Dataset entries
+++
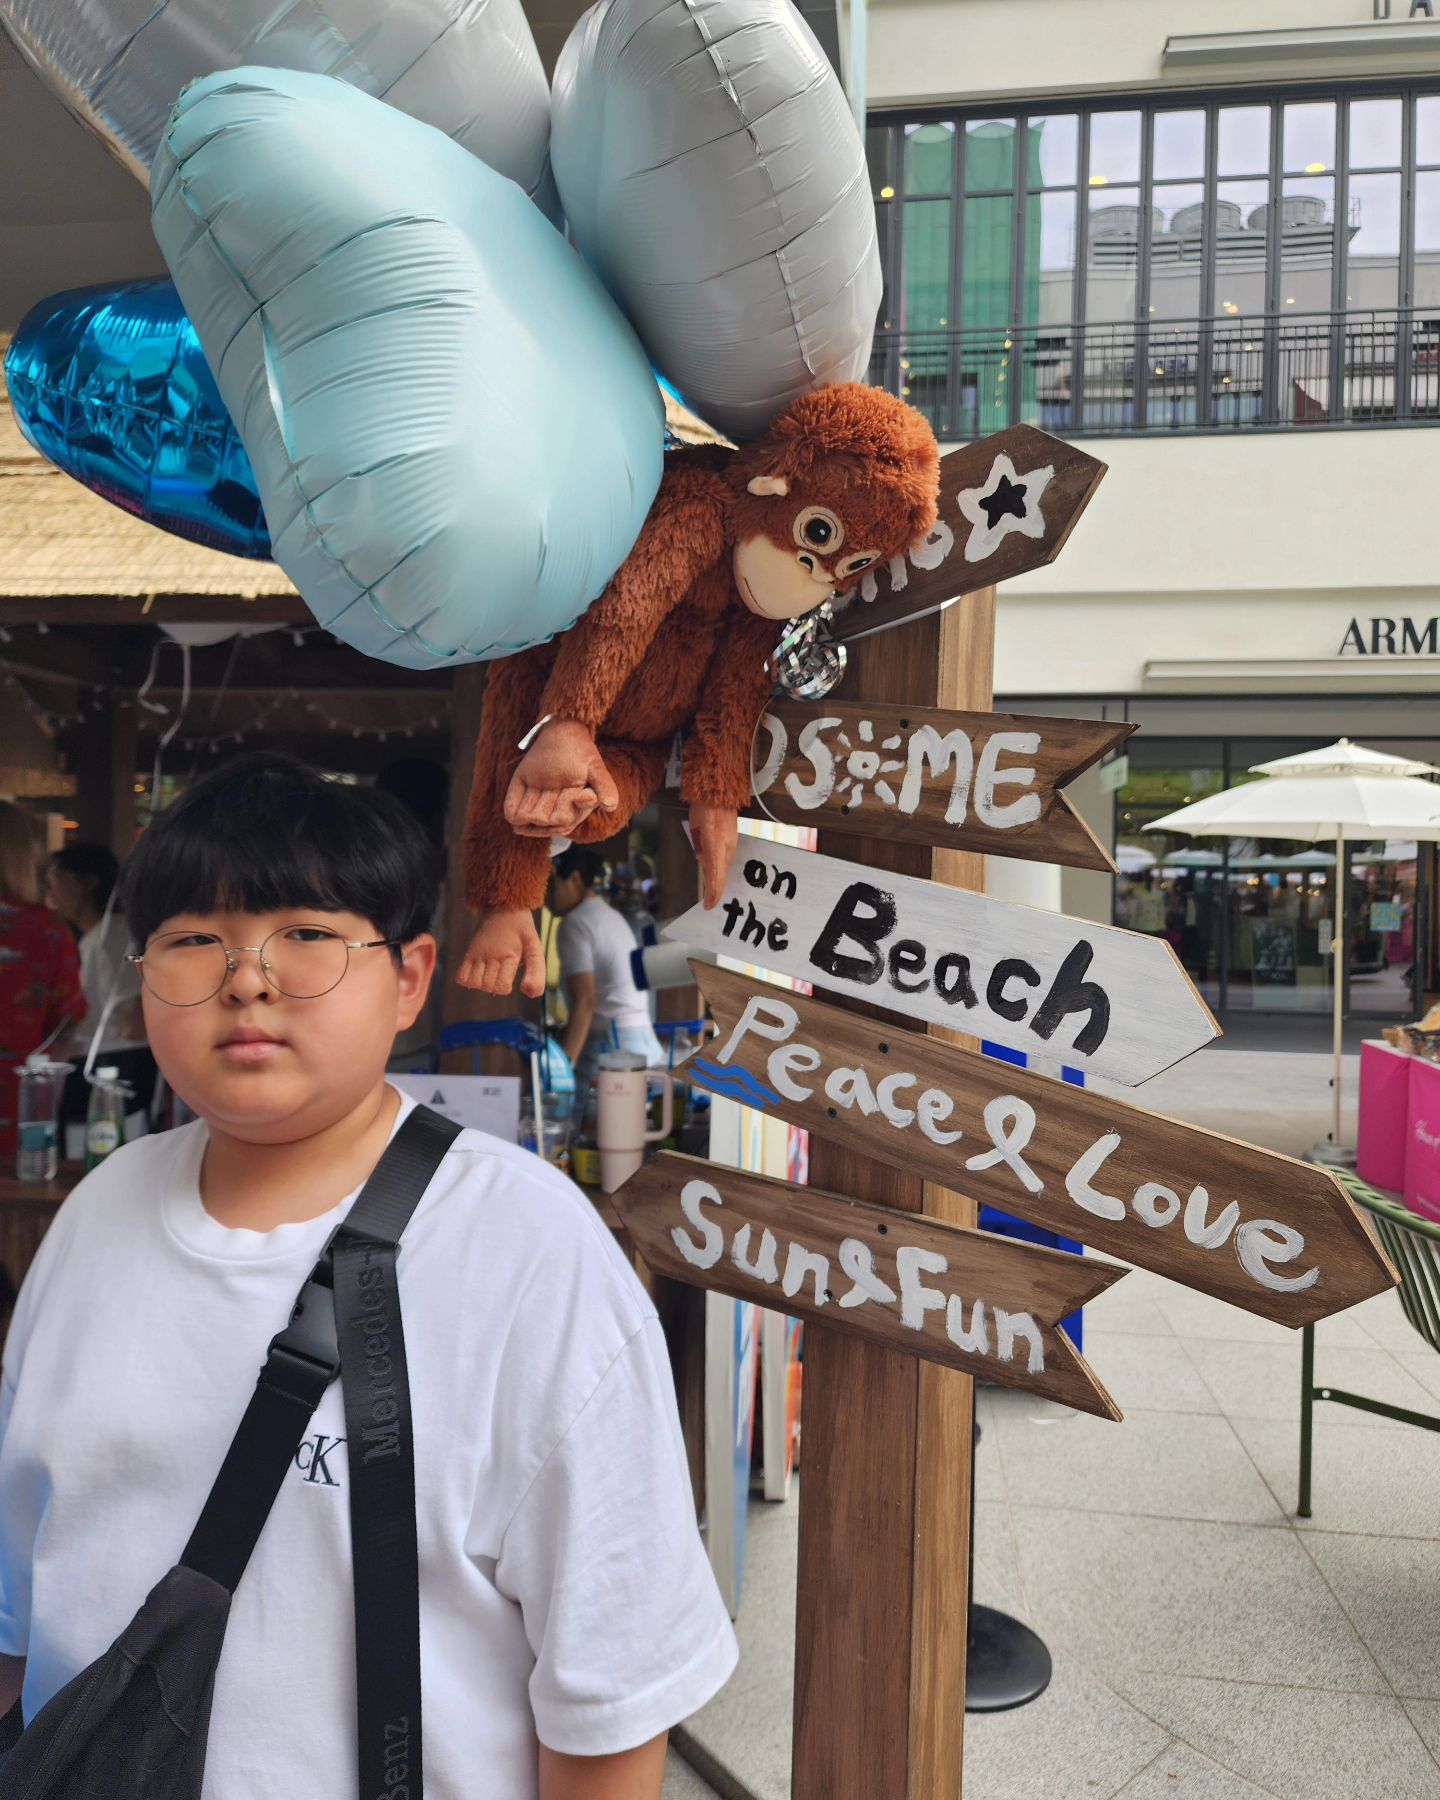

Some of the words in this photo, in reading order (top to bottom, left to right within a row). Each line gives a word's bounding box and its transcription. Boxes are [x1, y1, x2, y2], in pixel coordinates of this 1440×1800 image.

[722, 897, 789, 952] the
[809, 882, 1111, 1057] Beach
[715, 996, 963, 1145] Peace
[1065, 1131, 1320, 1292] Love
+++
All of the data above needs to be given again exactly. Leave out each image.

Some of the words in this photo, in reading order (top to bottom, left to right within a row). Each line gives a word's bounding box and its transcription. Boxes are [x1, y1, x2, y2], in pixel coordinates of this 1440×1800 image.

[722, 897, 789, 952] the
[809, 882, 1111, 1057] Beach
[715, 996, 963, 1145] Peace
[1065, 1131, 1320, 1292] Love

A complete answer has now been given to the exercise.